[RECORDS FOR THE TASK — start]

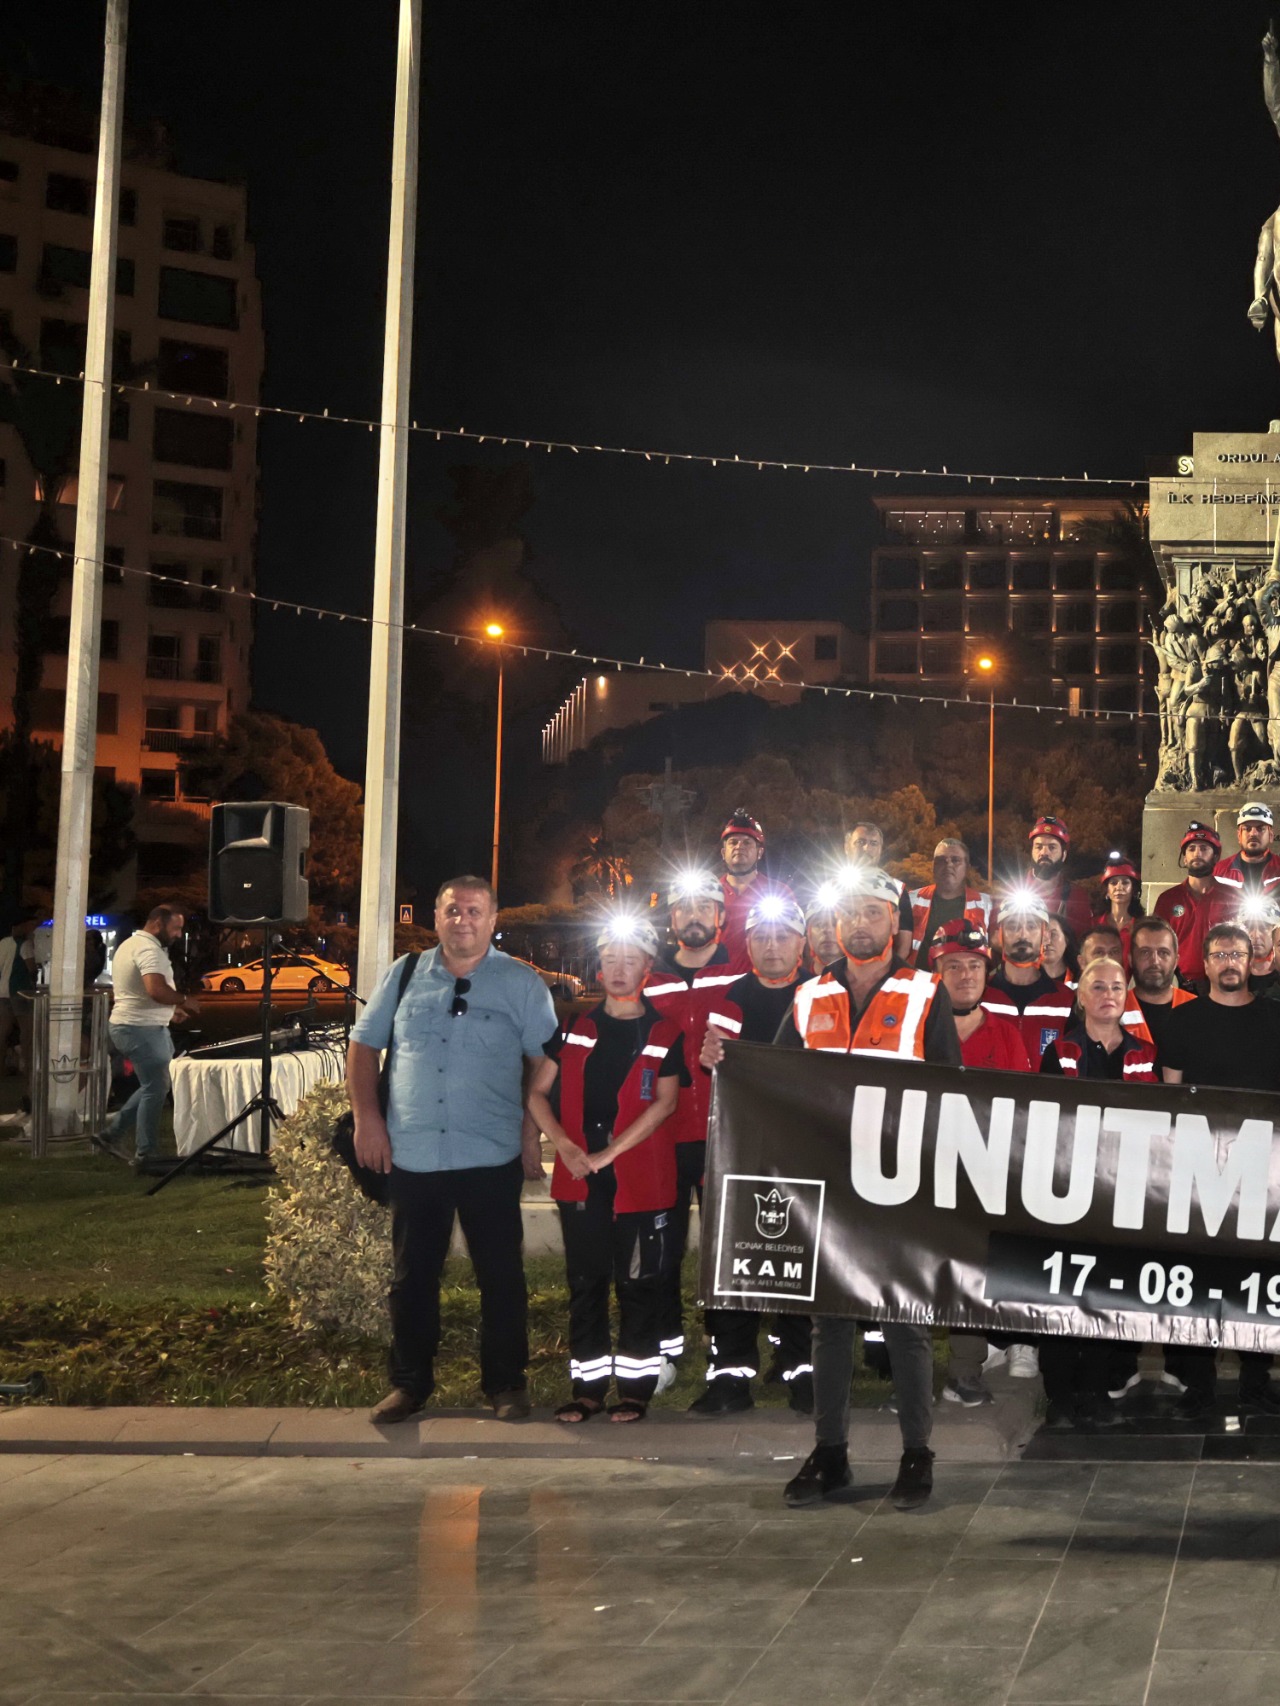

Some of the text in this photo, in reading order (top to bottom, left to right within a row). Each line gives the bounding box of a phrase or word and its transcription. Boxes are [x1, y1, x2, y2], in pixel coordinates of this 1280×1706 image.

[734, 1241, 763, 1250] KONAK
[732, 1258, 803, 1279] KAM
[1043, 1251, 1097, 1296] 17
[1139, 1262, 1194, 1307] 08

[RECORDS FOR THE TASK — finish]

# PROMPT:
Write the records above out again word for word, skipping each picture.

# RESULT BELOW:
Some of the text in this photo, in reading order (top to bottom, left to right within a row). Each line gives the bounding box of a phrase or word and its transcription. Boxes are [x1, y1, x2, y2], in pixel coordinates of this 1280×1706 image.

[734, 1241, 763, 1250] KONAK
[732, 1258, 803, 1279] KAM
[1043, 1251, 1097, 1296] 17
[1139, 1262, 1194, 1307] 08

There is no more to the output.